Hacker News new | ask | show | jobs
by makeitdouble 1091 days ago
At the same time, Google is the only entity that could provide the numbers you want to see.

Who else could get actual numbers of scams they run vs legit ads ? There's no other entity that sees every single of the ads they serve, so we'd need a trustworthy insider leak to meet your standard.

1 comments

There is a concept from polling called a "random sample" which would apply here. If you take 10,000 clicks and sort them into legitimate and illegitimate, as long as you were able to rule out any way that your sample would be significantly more or less fraudulent than the whole pool, you would understand (roughly) the ratio in the greater pool.

It's like taking a sample of a swimming pool, to check the chlorine levels.

I’m unfamiliar with how Google Video Partners works, but how could anyone go about randomly sampling the sites their ads are running on? According to the article Google won’t tell you where your ads are running. And just finding shady video websites is also not an unbiased method.
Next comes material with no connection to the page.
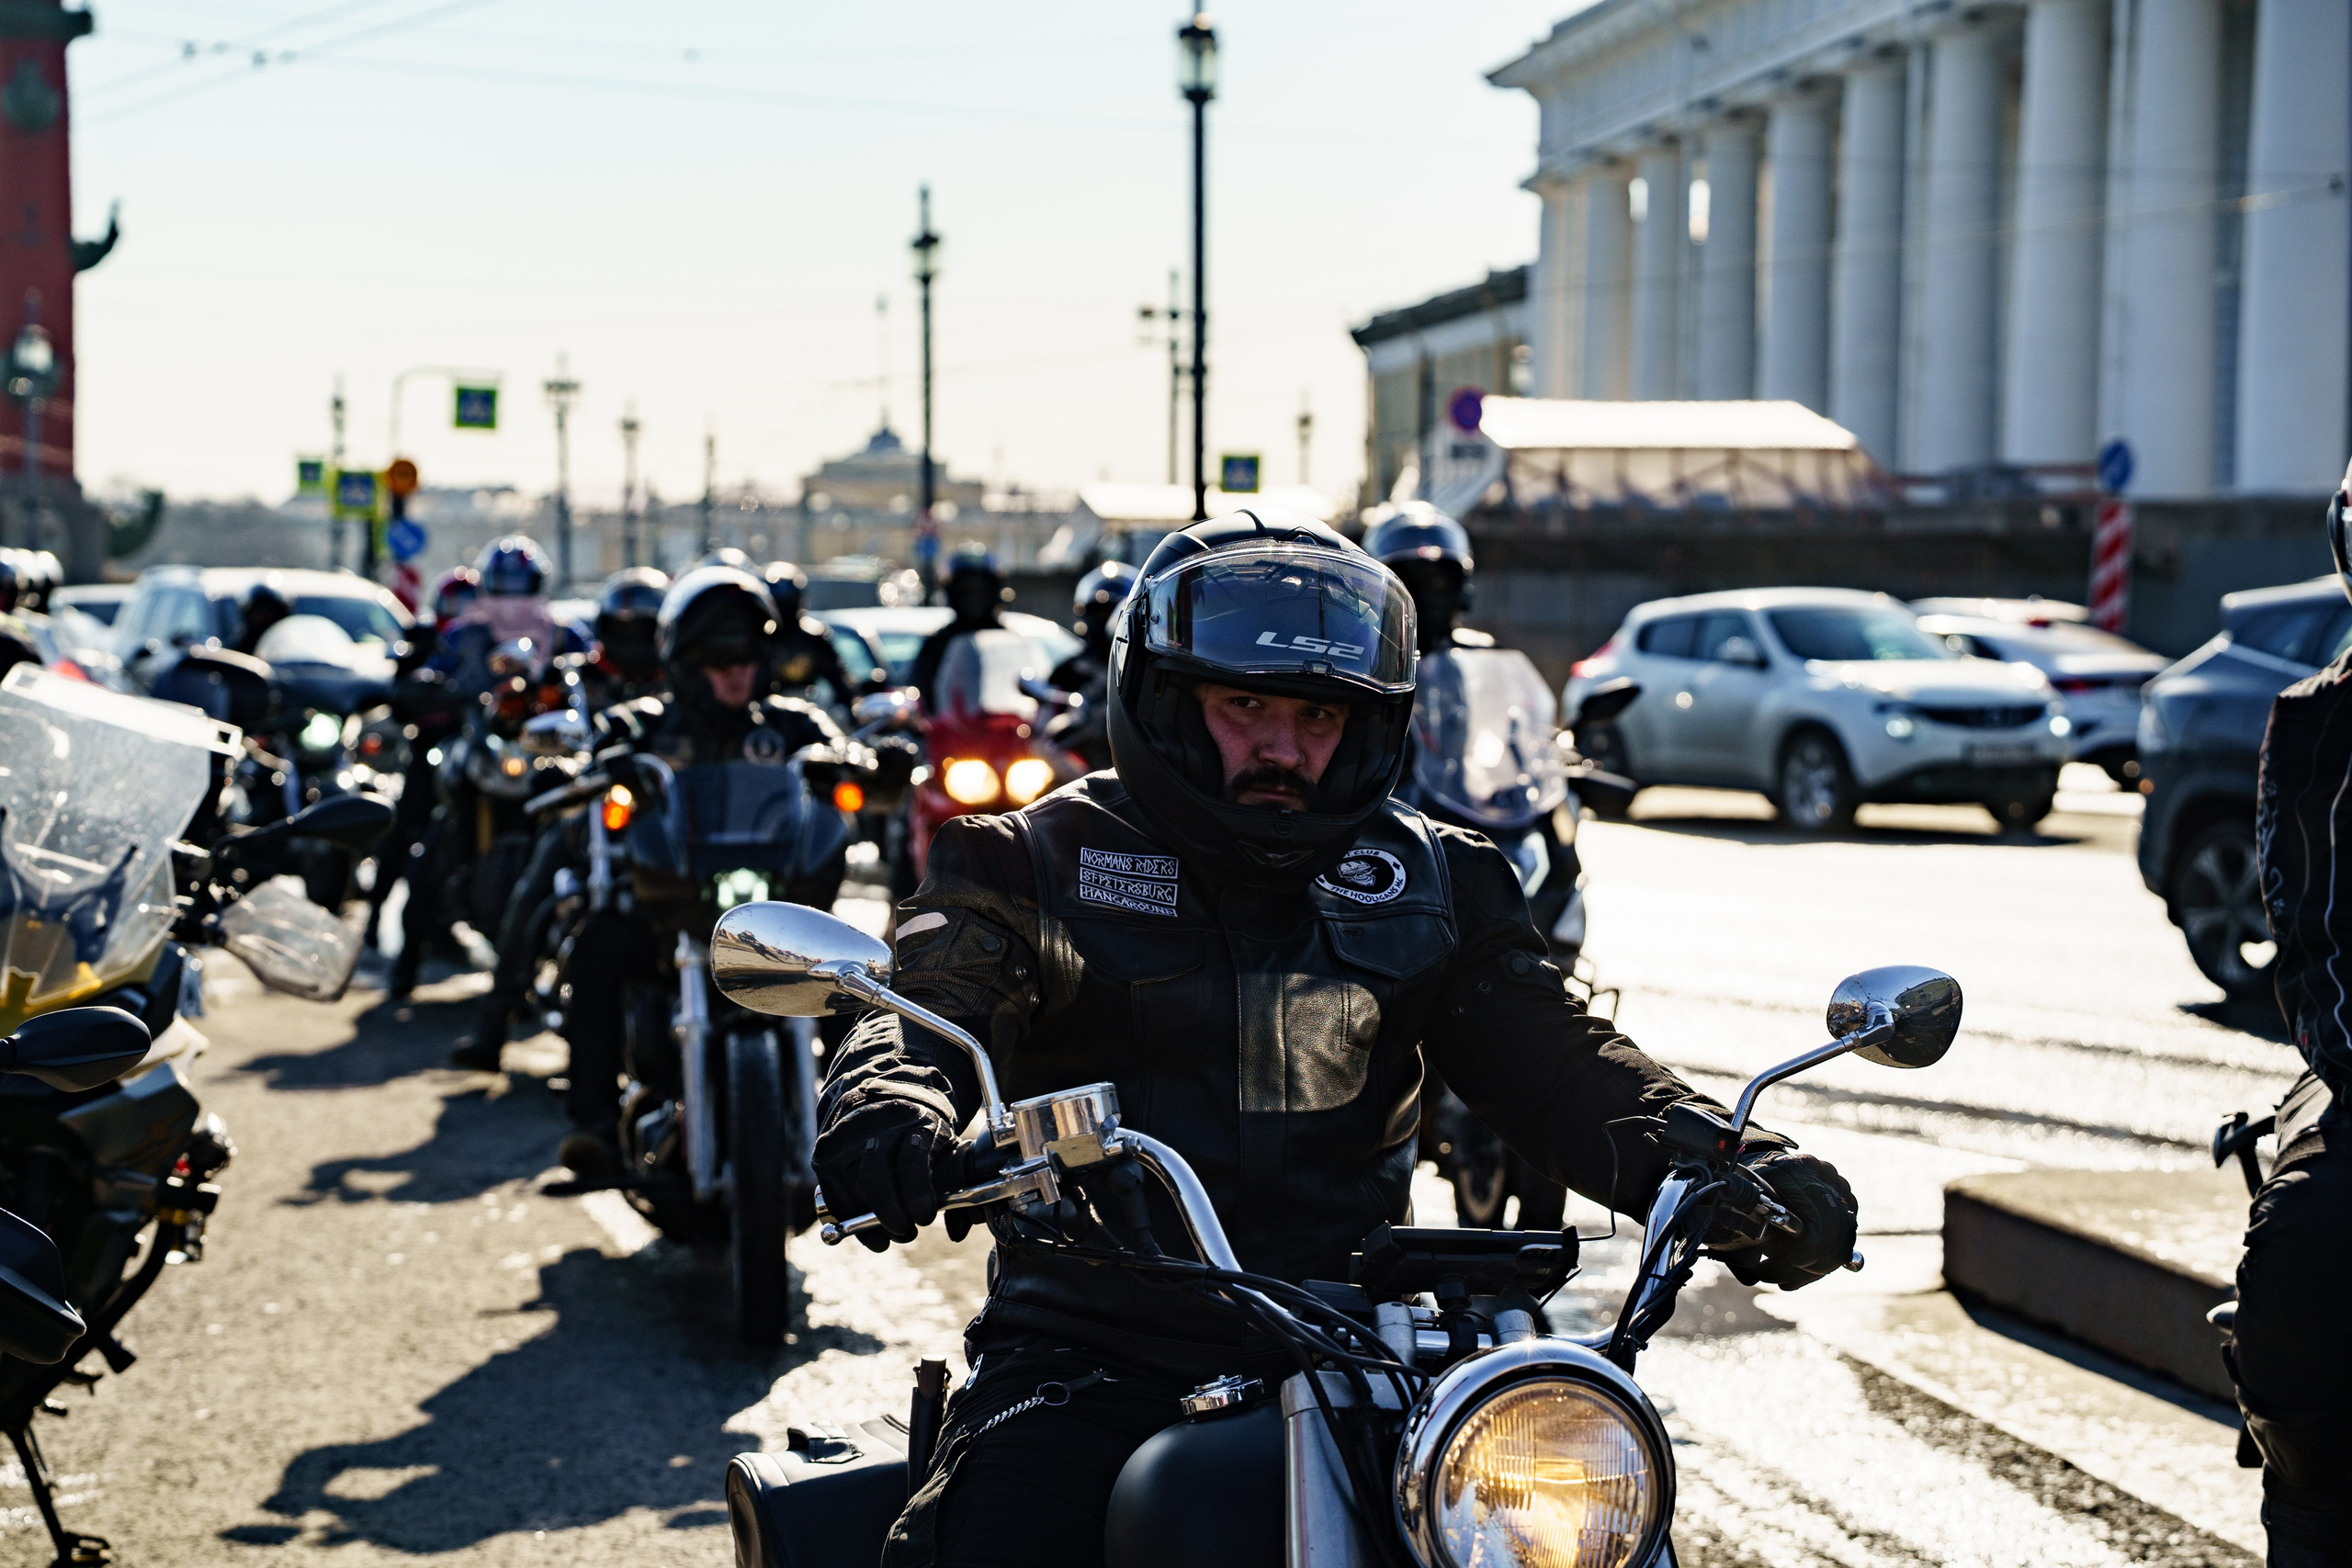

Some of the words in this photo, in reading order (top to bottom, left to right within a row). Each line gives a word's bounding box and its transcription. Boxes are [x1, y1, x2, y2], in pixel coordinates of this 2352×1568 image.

Also just to be clear, clicks are not likely to be randomly distributed between legitimate and spam sites. If advertisers are paying for plays, they need to be able to see that information as well.

If I was spending money on video ads now I would be somewhere between cancelling my ad spend and calling a lawyer.

This would be a good measure for your own site, and you could get back to Google to say your results are garbage.

But you would have nothing to retort if they tell you you're an outlier, or your specific niche has bad actors that skew the results and they'll look into banning one or two of them (and come back to us again when they get replaced, we'll again clear a few token users)

>There is a concept from polling called a "random sample"... It's like taking a sample of a swimming pool, to check the chlorine levels.

And maybe the edge of the pool closest to the person taking the sample is the deep end where mostly adults swim, but if they walked a bit further and took the sample from the shallow side with the babies and toddlers they'd find out the water is actually 50% piss with more than trace amounts of feces mixed in as well.

Strawman. Parent was talking about [(Cl^(-1))]

If you care about excrement content, that should be another study.

Bottom line: Representative sample https://en.m.wikipedia.org/wiki/Sampling_(statistics)

I think the point was that you need to ensure a representative sample and that requires an idea of the scale of the fraud taking place to be able to measure its impacts. I have no idea if that's possible without insider data or not, but I suspect that was the point of the argument, and not which substance was being tested for in the imaginary body of water being used as an example.
Yes, I am-- very-- well aware of what a representative sample means, and made my comment specifically with that knowledge in mind when I responded.